[EXTRACTED MATERIAL]
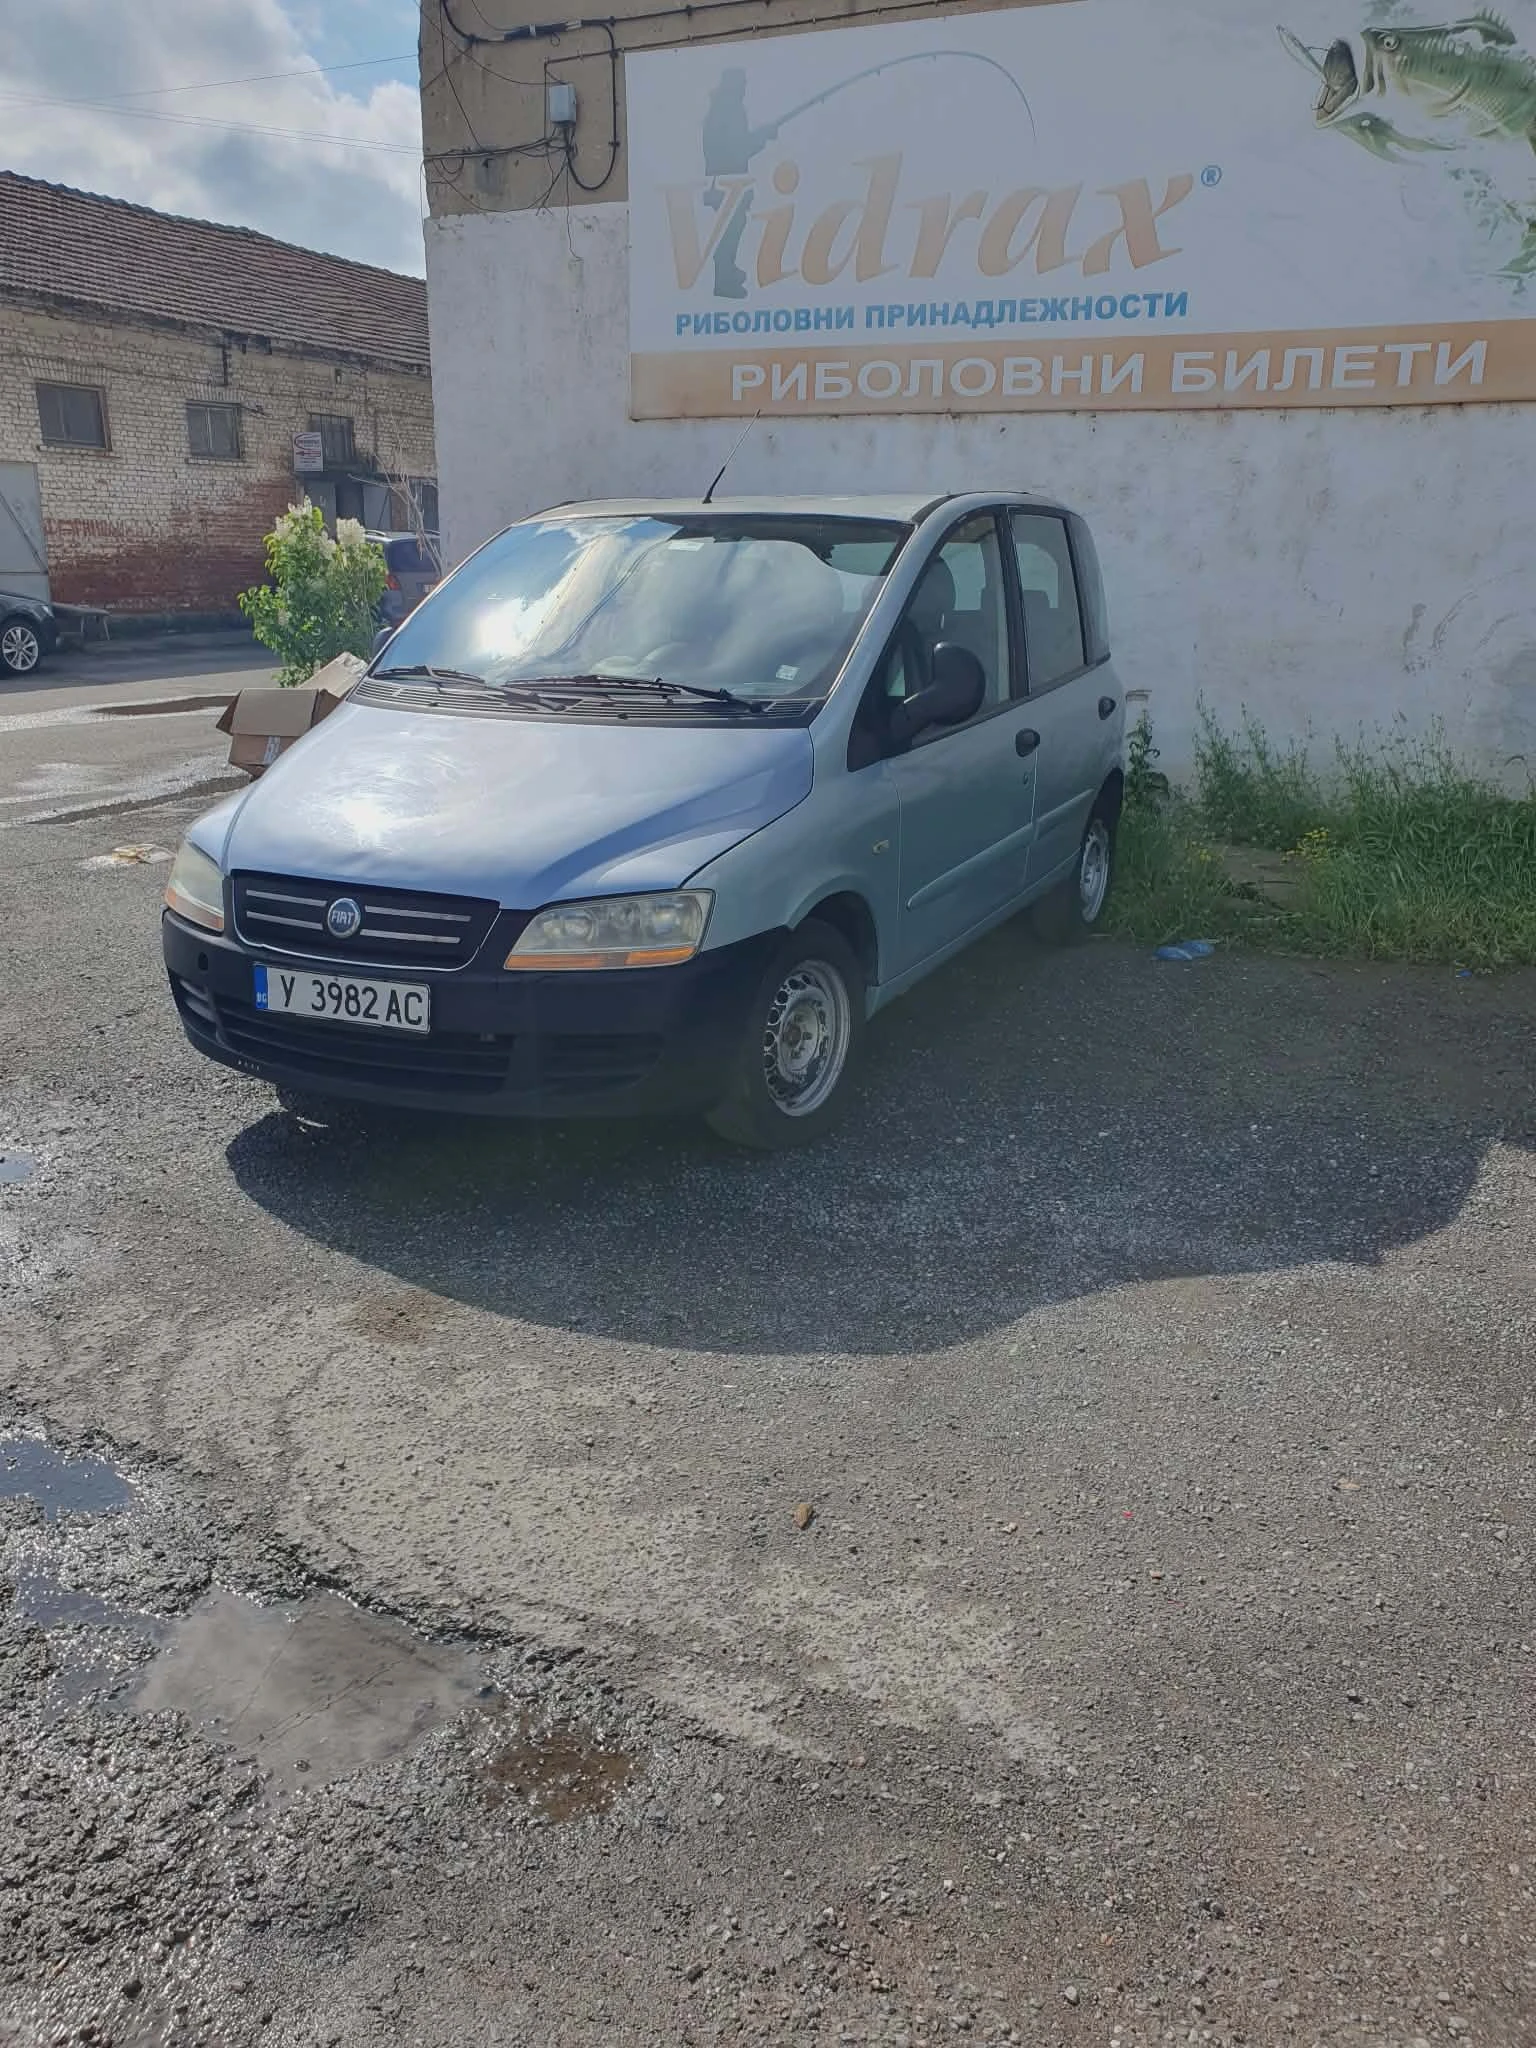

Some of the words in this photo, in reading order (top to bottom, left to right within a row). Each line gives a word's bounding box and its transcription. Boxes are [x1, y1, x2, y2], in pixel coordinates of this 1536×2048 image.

[657, 150, 1194, 290] Vidrax
[675, 305, 855, 336] РИБОЛОВНИ
[864, 291, 1188, 329] ПРИНАДЛЕЖНОСТИ
[731, 353, 1145, 402] РИБОЛОВНИ
[1171, 340, 1488, 393] БИЛЕТИ
[331, 910, 355, 926] FIAT
[311, 979, 379, 1020] 3982
[385, 988, 424, 1026] AC
[/EXTRACTED MATERIAL]
ACTION ITEM
Print the entries above exactly, leaving pictures out.

RESPONSE BELOW
Some of the words in this photo, in reading order (top to bottom, left to right within a row). Each line gives a word's bounding box and its transcription. Boxes are [x1, y1, x2, y2], in pixel coordinates of this 1536×2048 image.

[657, 150, 1194, 290] Vidrax
[675, 305, 855, 336] РИБОЛОВНИ
[864, 291, 1188, 329] ПРИНАДЛЕЖНОСТИ
[731, 353, 1145, 402] РИБОЛОВНИ
[1171, 340, 1488, 393] БИЛЕТИ
[331, 910, 355, 926] FIAT
[311, 979, 379, 1020] 3982
[385, 988, 424, 1026] AC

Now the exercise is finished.